Antonio Marras a/i 2017: elogio dell’ornamento che narra l’identità oltre il tempo

Un flâneur singolare, squisitamente unico nel suo genere, viaggiatore che vaga irrequieto e insaziabile in mondi sospesi sulla realtà, affollati di storie che attendono solo di essere narrate.

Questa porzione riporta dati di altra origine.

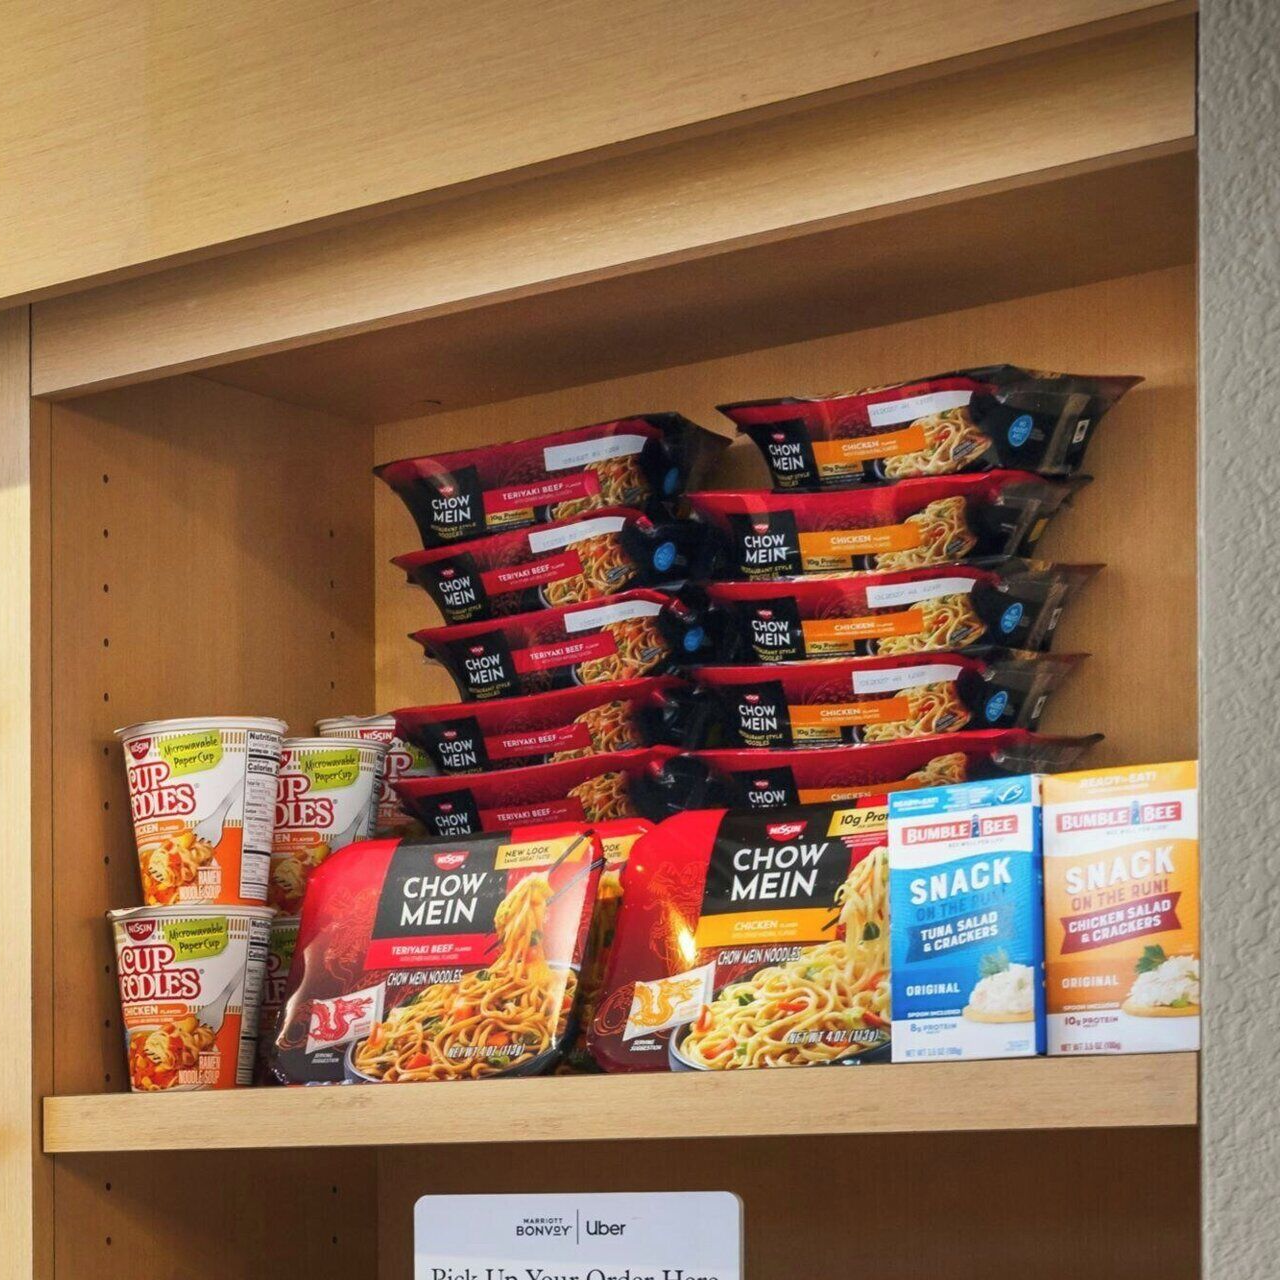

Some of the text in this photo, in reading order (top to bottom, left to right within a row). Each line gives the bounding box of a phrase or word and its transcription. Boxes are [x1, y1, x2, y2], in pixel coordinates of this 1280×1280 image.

[430, 494, 471, 511] CHOW
[433, 507, 472, 524] MEIN
[744, 533, 787, 550] CHOW
[745, 546, 788, 564] MEIN
[439, 576, 472, 594] CHOW
[362, 730, 393, 740] NISSIN
[164, 735, 219, 758] Microwavable
[304, 754, 356, 773] Microwavable
[1061, 803, 1178, 831] BUMBLE BEE
[769, 824, 803, 836] NISSIN
[906, 819, 1015, 844] BUMBLE BEE
[732, 842, 829, 871] CHOW
[1065, 845, 1176, 894] SNACK
[402, 873, 488, 899] CHOW
[730, 869, 819, 902] MEIN
[909, 856, 1014, 905] SNACK
[1070, 878, 1170, 912] ON THE RUN!
[399, 901, 479, 927] MEIN
[1068, 898, 1172, 934] CHICKEN SALAD
[127, 922, 153, 934] NISSIN
[168, 924, 224, 940] Microwavable
[920, 910, 999, 942] TUNA SALAD
[1081, 915, 1162, 944] & CRACKERS
[923, 924, 999, 953] & CRACKERS
[120, 946, 173, 974] CUP
[718, 946, 803, 965] CHOW MEIN NOODLES
[387, 968, 464, 986] CHOW MEIN NOODLES
[1061, 974, 1120, 990] ORIGINAL
[905, 982, 961, 997] ORIGINAL
[516, 1224, 570, 1237] BONVOY
[523, 1217, 564, 1225] MARRIOTT
[586, 1219, 627, 1237] Uber
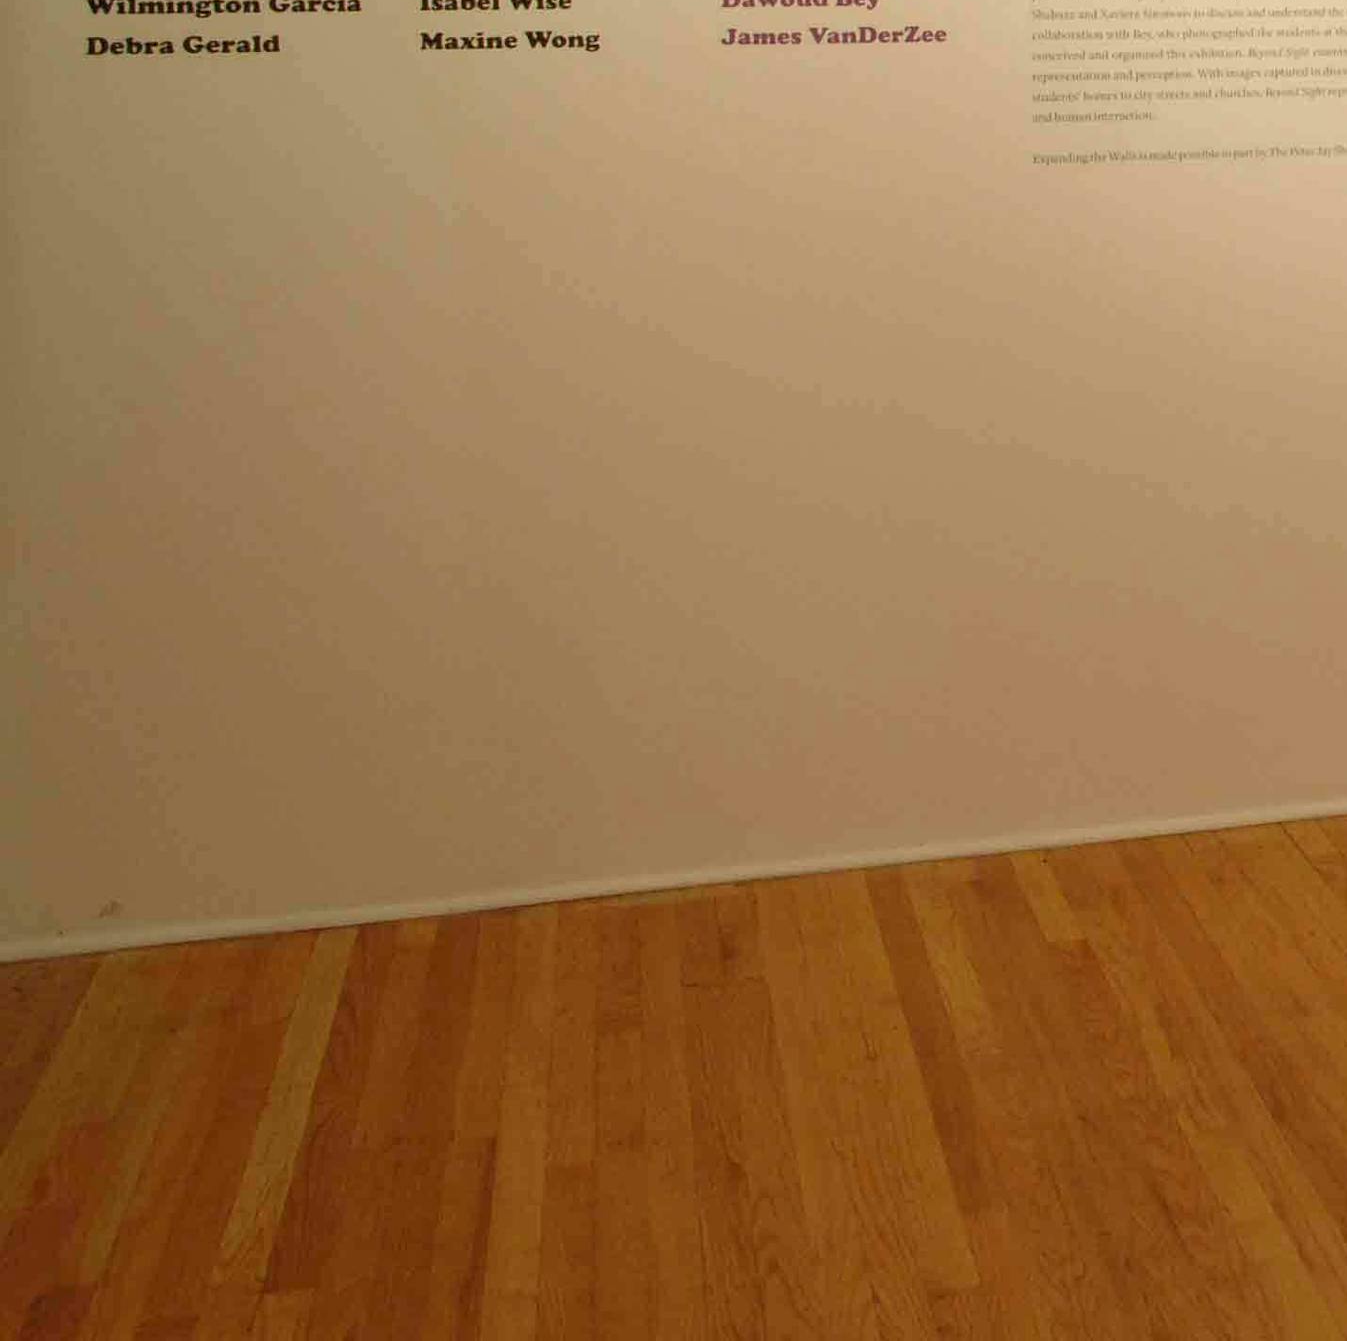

Storie racchiuse in oggetti riemersi e ritrovati dal tempo che fu, in ricordi antichi ed ancora limpidi tramandati giù per lo scorrere delle generazioni, in racconti che appartengono alla terra propria, quella dell’isola sarda, e a quelle lontane ma mai estranee: storie accovacciate in punta di una penna mai stanca di tradurre sul foglio le immagini plasmate dalla fantasia; in punta di mani sapienti, sempre immerse nell’opera sartoriale di dar loro concretezza tattile nella stoffa viva e nei decori accumulati, perciò inconfondibili.

Antonio Marras, rigattiere istintivo e sofisticato della materia e della memoria, che mescola al richiamo forte dell’arte come via prediletta d’espressione, ed impasta assieme alla moda come linguaggio fondamentale di bellezza: non appartiene ad un’unica categoria, bensì al fascino irresistibile ed intenso dello sconfinamento tra le arti e alla profondità della passione a plasmarne le contaminazioni in creazioni di stile da indossare.
E tale alchimia accade nuovamente e felicemente con la collezione a/i 2017-2018!

Ogni collezione da sempre racconta una storia diversa: come fosse un gioco di specchi e riflessi da caleidoscopio, quella dedicata al prossimo inverno, come suggerisce il titolo “Haunted”,si compone di varie presenze, ovvero narrazioni che han preso vita in tableaux-vivants in bilico perfetto tra performance teatrale, installazione d’arte e, per l’appunto, presentazione di moda.
Scene interpretate da modelli e attori che hanno abitato le ampie stanze della Triennale di Milano.
Proprio quelle che, fino allo scorso 21 gennaio, hanno ospitato la mostra antologica dedicata allo stesso Marras: “ Nulla dies sine linea. Vita, diari e appunti di un uomo irrequieto”.

Sullo sfondo, un fil-rouge che dalla vita artistica dello stesso Antonio Marras, già in mostra, si apre in un abbraccio alla vita creativa del regista ed artista armeno Sergej Iosifovic Paradžanov, anche lui custode dell’arte di mescere le discipline per sublimarne le realizzazioni in opere che agganciano lo sguardo con la forza pittorica mentre rapiscono il pensiero con la potenza evocativa.
L’ispirazione parte da qui: da una mostra parigina dedicata al regista che Antonio Marras visitò dieci anni fa, e la cui folgorazione s’innesta nell’immaginario visionario fino a declinarsi, generosa, in un carosello di creazioni maschili e femminili che sintetizzano nella bellezza il penchant di entrambi per quell’approccio da cantastorie di realtà, fatta di oggetti della quotidianità passata, di suggestioni pittoriche, di memorie intime eppur collettive che sfumano nella fiaba sognante, ma con le radici ben aggrappate alla terra madre.

Ed ora, prendiamo l’ensemble appena illustrato e decliniamolo nel linguaggio di poesia stilistica che di Marras è tratto d’identità inconfondibile: ed in un’atmosfera sospesa tra allure retrò e contemporaneità d’intenti si riconoscono le sovrapposizioni di tessuti opulenti e le incrostazioni di decori preziosi, i brandelli di materiali recuperati che prendono una vita nuova, le applicazioni e i ricami che si posano frementi ovunque, dai cappelli alle décolleté, sui colli ampi dei cappotti da uomo e i bomber, sui giubbotti di pelle e sui pizzi sensuali dei vestiti di lei.
Ed ancora, gli accostamenti inusuali che diventano affinità elettive: i completi maschili da uniforme di soldati e gendarmi d’antan e la fluidità lasciva degli abiti femminili, il rigore delle camicie e le trasparenze suggerite, le fantasie floreali che dalla delicatezza man mano esplodono in collage eclettici, gli ori metallici e e i jacquard solenni, i kilt scozzesi e lo chiffon cosparso di ornamenti, le ruches, le balze, i fiocchi. L’ornamento che è segno d’identità, di dichiarazione salvifica d’eccentricità!